Мужчина в форме расстегнул две пуговицы синей гимнастерки, и я увидел, что под ней у него сетчатая майка, сквозь мелкие ячейки которой пробиваются густые черные волосы. Мне сразу вспомнился шимпанзе из оливского зоопарка, у которого на груди были такие же лохмы, и я подумал, что забавно было бы увидеть на его месте сержанта милиции, увидеть, как он швыряет песком в публику, злобно верещит и время от времени мочится в первые ряды веселящейся публики. И я улыбнулся ему, а он принял это за чистую монету и ответил мне тоже улыбкой и, указав рукой на стул, сказал: «Можешь сесть». М-ский подозрительно косился в мою сторону, директор же манипулировал своим галстуком, который теперь не напоминал ни якобинскую кокарду, ни шарфик, а только мокрую тряпку, порядочно выжатую и выкрученную.
– Мы хотим все знать о взрывах за стрельбищем, – начал М-ский. – Сколько их было и в какие дни? Где ваш дружок взял взрывчатку? Что это было – тротил? Порох? Откуда он это доставал – из гильз? Из неразорвавшихся снарядов? И мы хотим, чтобы ты еще раз рассказал нам о последнем взрыве, когда Вайзер и ваша подружка погибли. Ничего не бойся, расскажи правду. Может, вы нашли на том месте кусок рубашки или тела? Может, на каком-нибудь дереве?
Все эти вопросы М-ский задавал быстро, и звучали они как темы в увертюре – сразу, один за другим. И в самом деле, допрос только начинался.
– Да, – вздохнул мужчина в форме. – Ну так скажи нам, когда был первый взрыв, когда это было?
– Где-то в начале августа, – с готовностью ответил я.
– А точней? – вмешался директор.
– Точней не помню, но наверняка в начале августа, когда ксендз начинал богослужения.
– При чем тут богослужения?! – подскочил как ошпаренный М-ский. – При чем тут богослужения? Вы слышите, товарищ директор? Они продолжают свое. – И снова повернулся ко мне: – Что за богослужения?

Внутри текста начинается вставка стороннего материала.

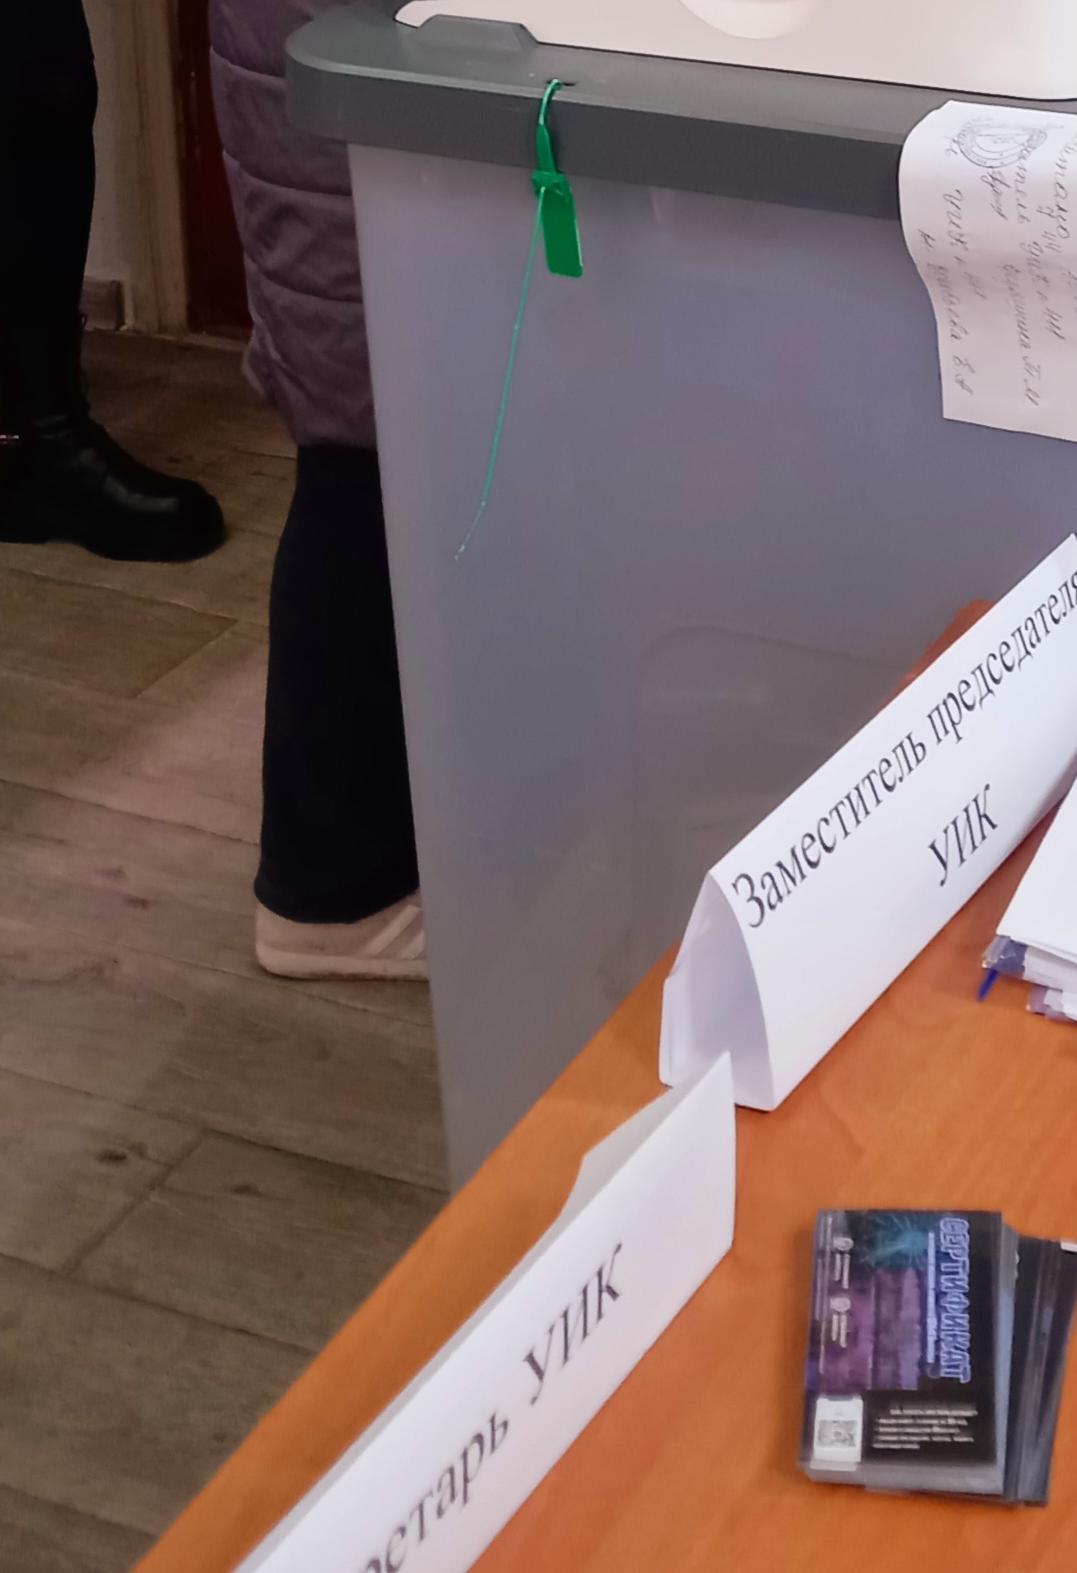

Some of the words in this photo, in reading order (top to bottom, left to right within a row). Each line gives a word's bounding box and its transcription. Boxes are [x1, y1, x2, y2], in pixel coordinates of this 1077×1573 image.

[731, 731, 928, 928] Заместитель
[927, 783, 999, 887] УИК
[523, 1242, 623, 1405] УИК

– Молитвы о благополучии крестьян и рыбаков, пан учитель, – отвечал я вежливо. – А именно о дожде, чтобы он очистил залив и оросил поля, ведь была жуткая засуха, и ксендз Дудак говорил, что это Божья кара за грехи.
– Чьи грехи? – вставил тот, что в форме.
– Ну, за людские грехи. – Я не очень знал, что ответить. – Ксендз говорил, что люди отступаются от Бога и от святой католической веры, так вот Бог наслал эту засуху как знамение, чтобы люди исправились, а если нет…
– Ну-ну, – подхватил директор, все больше перекручивая галстук. – Если нет – тогда что?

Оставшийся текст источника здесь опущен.